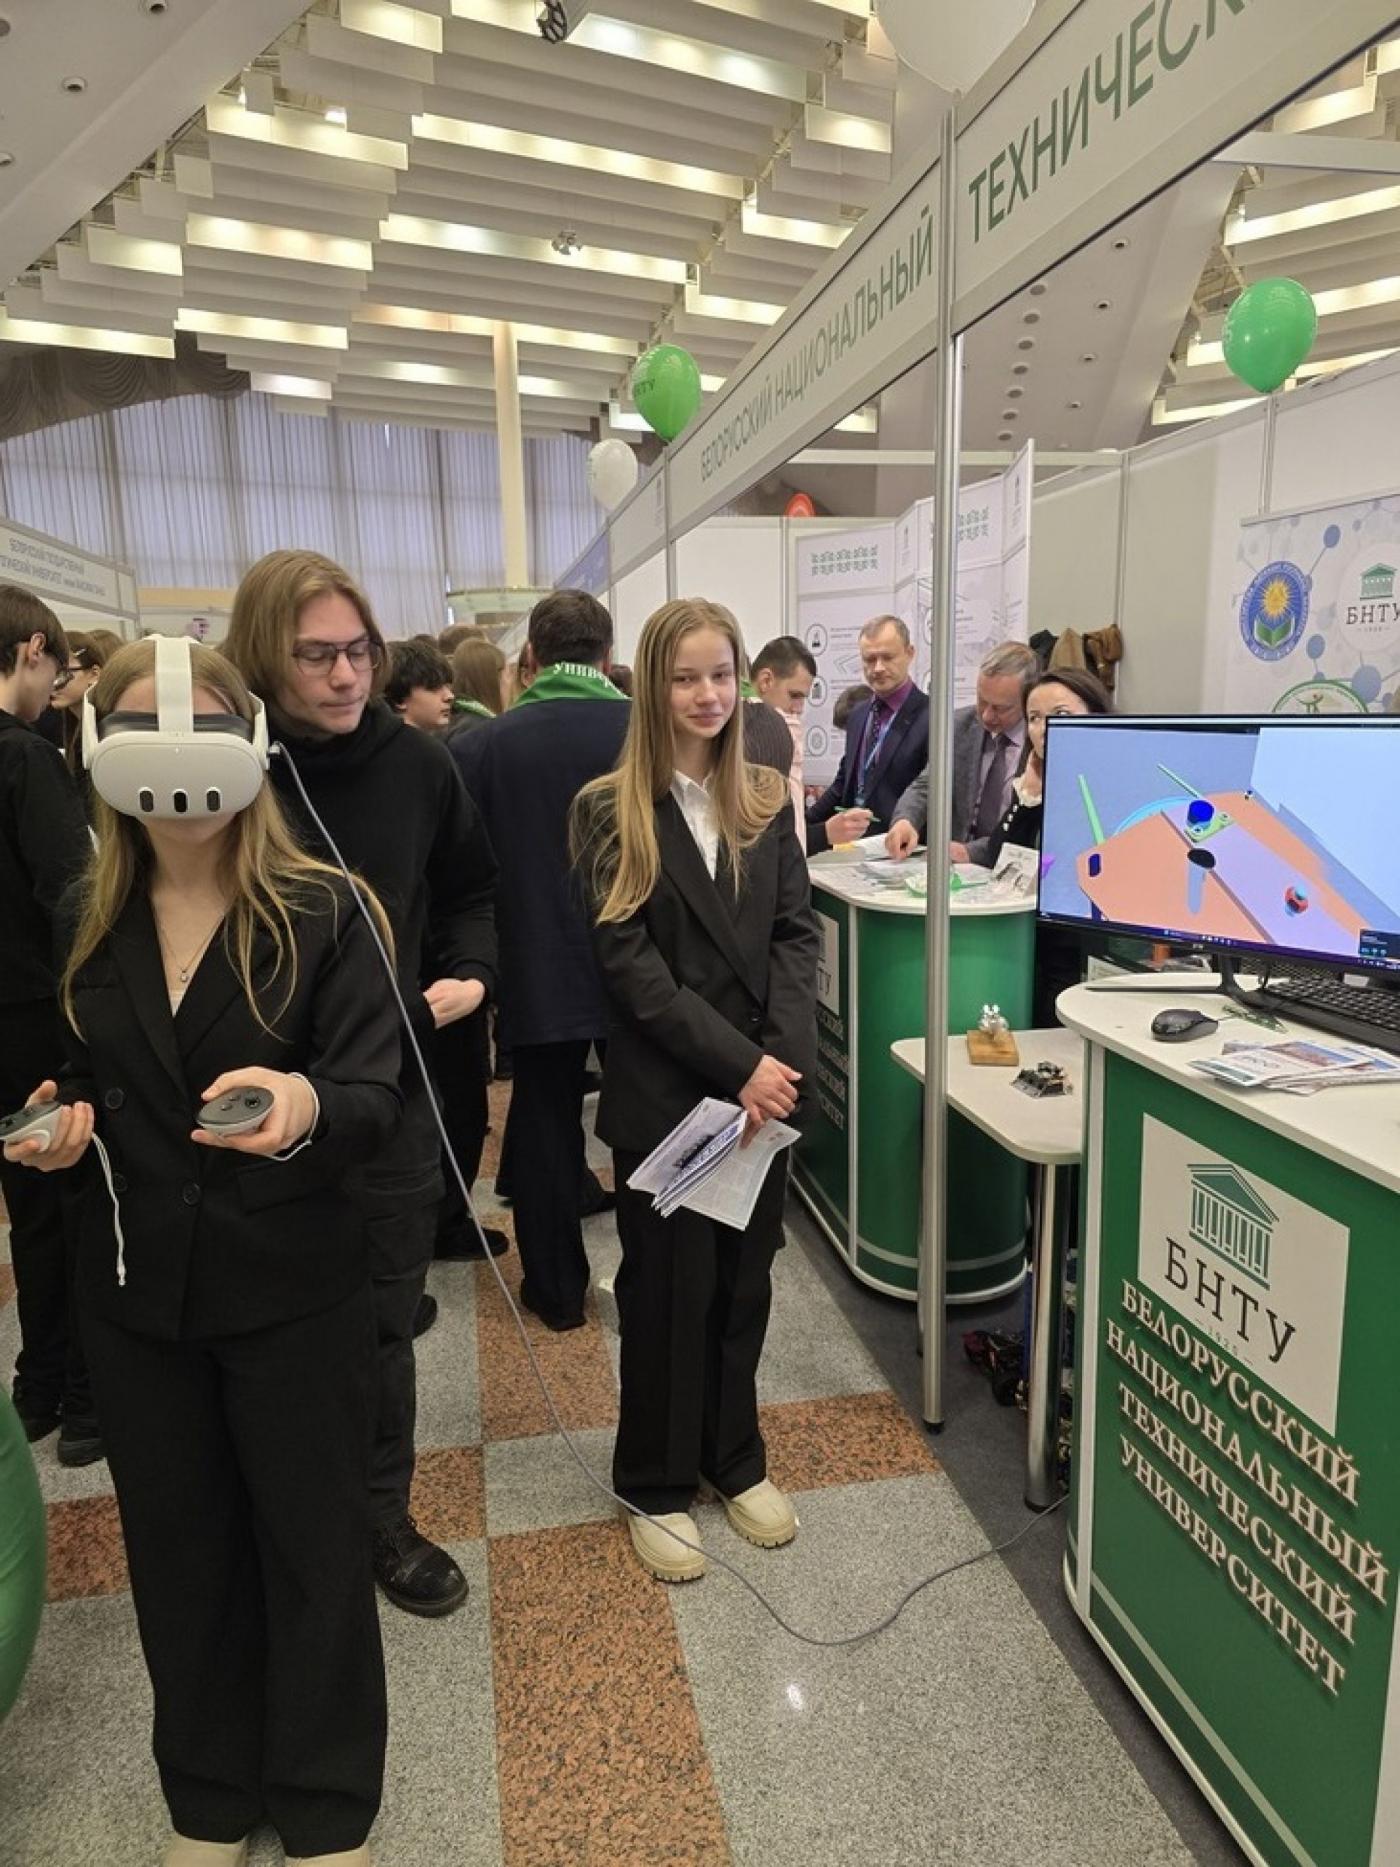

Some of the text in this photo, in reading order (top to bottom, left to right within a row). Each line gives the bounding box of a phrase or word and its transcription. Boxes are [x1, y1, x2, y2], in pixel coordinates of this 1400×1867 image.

[775, 205, 933, 414] НАЦИОНАЛЬНЫЙ
[1122, 1279, 1360, 1507] БЕЛОРУССКИЙ
[1164, 1236, 1296, 1364] БНТУ
[1106, 1318, 1390, 1606] НАЦИОНАЛЬНЫЙ
[1119, 1382, 1356, 1646] ТЕХНИЧЕСКИЙ
[1120, 1436, 1345, 1696] УНИВЕРСИТЕТ
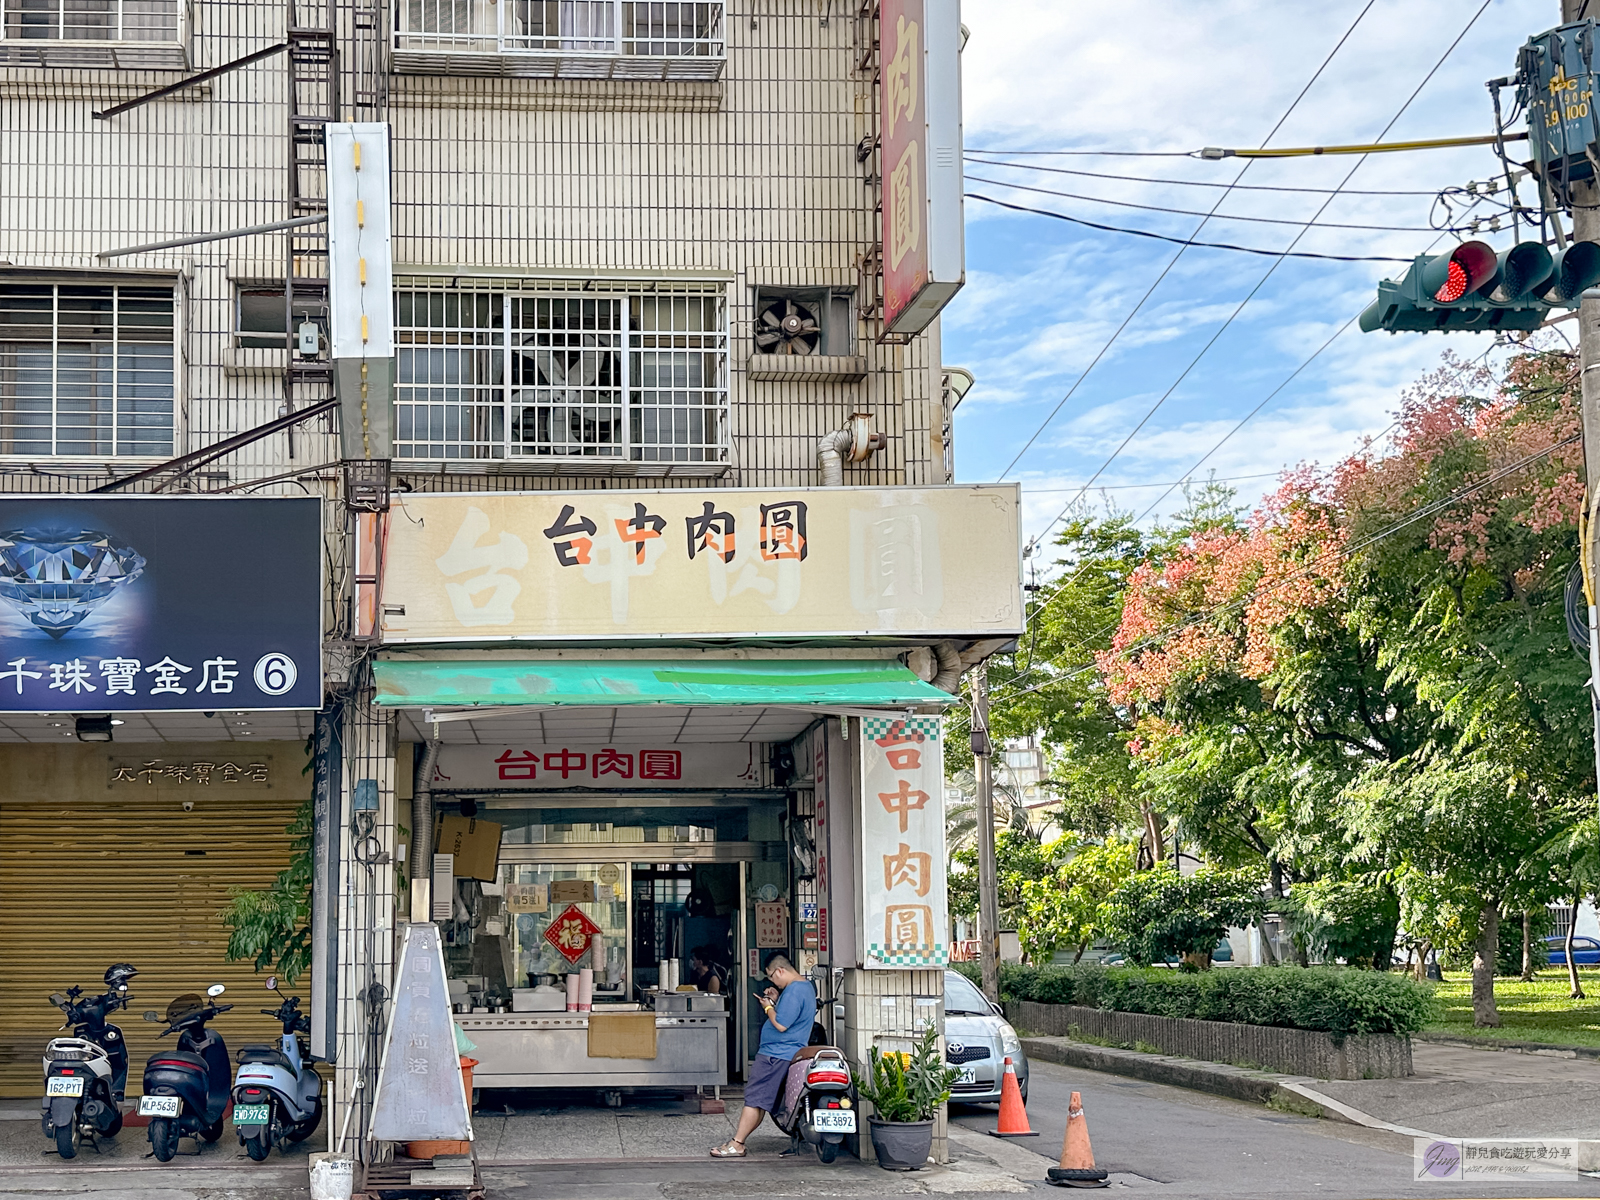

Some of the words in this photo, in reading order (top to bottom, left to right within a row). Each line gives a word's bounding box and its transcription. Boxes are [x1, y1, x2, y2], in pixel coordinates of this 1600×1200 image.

[887, 14, 920, 273] 肉圓
[543, 500, 808, 567] 台中肉圓
[0, 656, 239, 696] 千珠寶金店
[494, 748, 682, 780] 台中肉圓
[874, 719, 936, 960] 台中肉圓
[807, 909, 818, 918] 27
[49, 1083, 82, 1094] 162-PYT

**What you should do:**
Repeat, without change, each line of the data above from the one that contains "Some of the words" through the final line, counting both.

**Answer to the problem:**
Some of the words in this photo, in reading order (top to bottom, left to right within a row). Each line gives a word's bounding box and its transcription. Boxes are [x1, y1, x2, y2], in pixel coordinates of this 1600×1200 image.

[887, 14, 920, 273] 肉圓
[543, 500, 808, 567] 台中肉圓
[0, 656, 239, 696] 千珠寶金店
[494, 748, 682, 780] 台中肉圓
[874, 719, 936, 960] 台中肉圓
[807, 909, 818, 918] 27
[49, 1083, 82, 1094] 162-PYT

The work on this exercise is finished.